Make an exact copy of all the entries, but do not reproduce the pictures.

--- Collected data entries ---
____
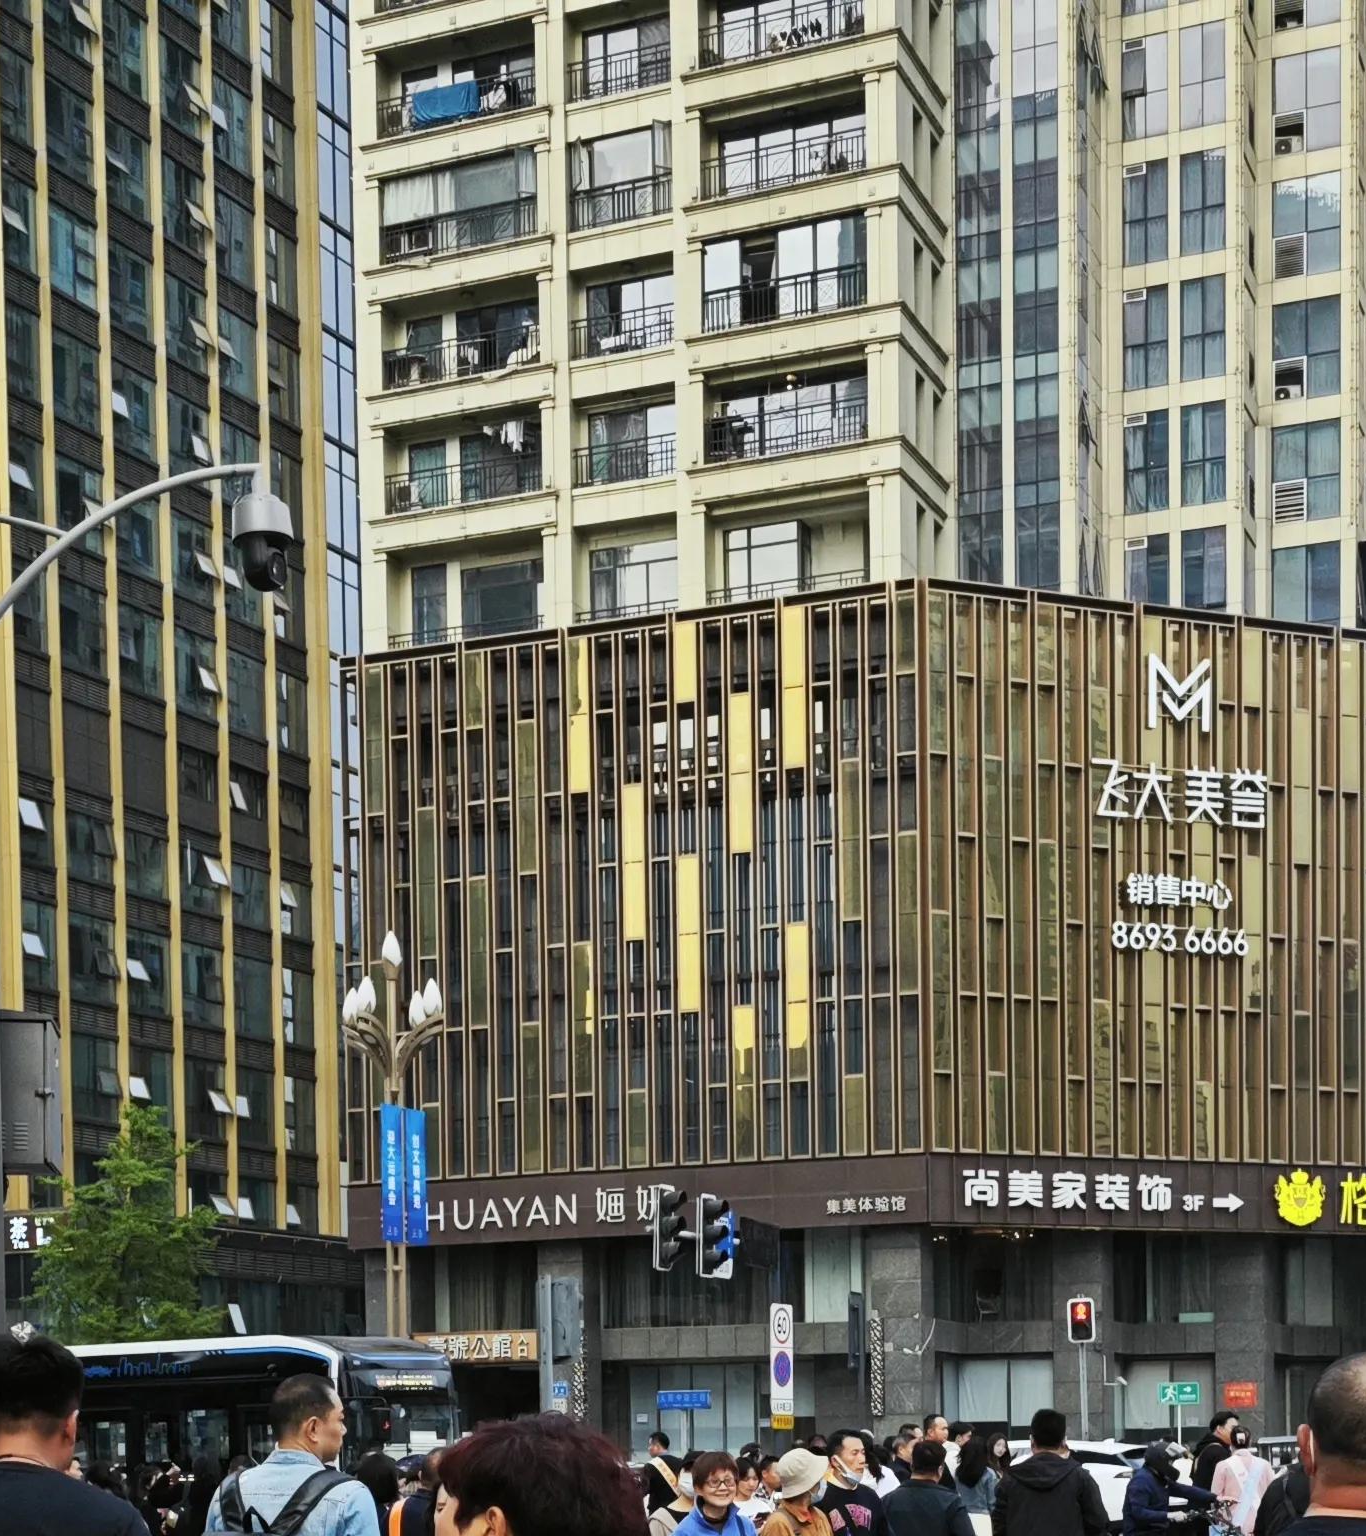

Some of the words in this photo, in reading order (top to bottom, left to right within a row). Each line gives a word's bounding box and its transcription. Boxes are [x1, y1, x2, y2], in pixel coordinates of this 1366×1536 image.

[1125, 870, 1234, 911] 销售中心
[1111, 919, 1178, 952] 8693
[1184, 924, 1250, 958] 6666
[826, 1195, 907, 1215] 集美体验馆
[961, 1168, 1173, 1213] 尚美家装饰
[1182, 1194, 1205, 1213] 3F
[426, 1192, 578, 1232] HUAYAN
[777, 1316, 788, 1335] 60
____
--- Answer box ---
Some of the words in this photo, in reading order (top to bottom, left to right within a row). Each line gives a word's bounding box and its transcription. Boxes are [x1, y1, x2, y2], in pixel coordinates of this 1366×1536 image.

[1125, 870, 1234, 911] 销售中心
[1111, 919, 1178, 952] 8693
[1184, 924, 1250, 958] 6666
[826, 1195, 907, 1215] 集美体验馆
[961, 1168, 1173, 1213] 尚美家装饰
[1182, 1194, 1205, 1213] 3F
[426, 1192, 578, 1232] HUAYAN
[777, 1316, 788, 1335] 60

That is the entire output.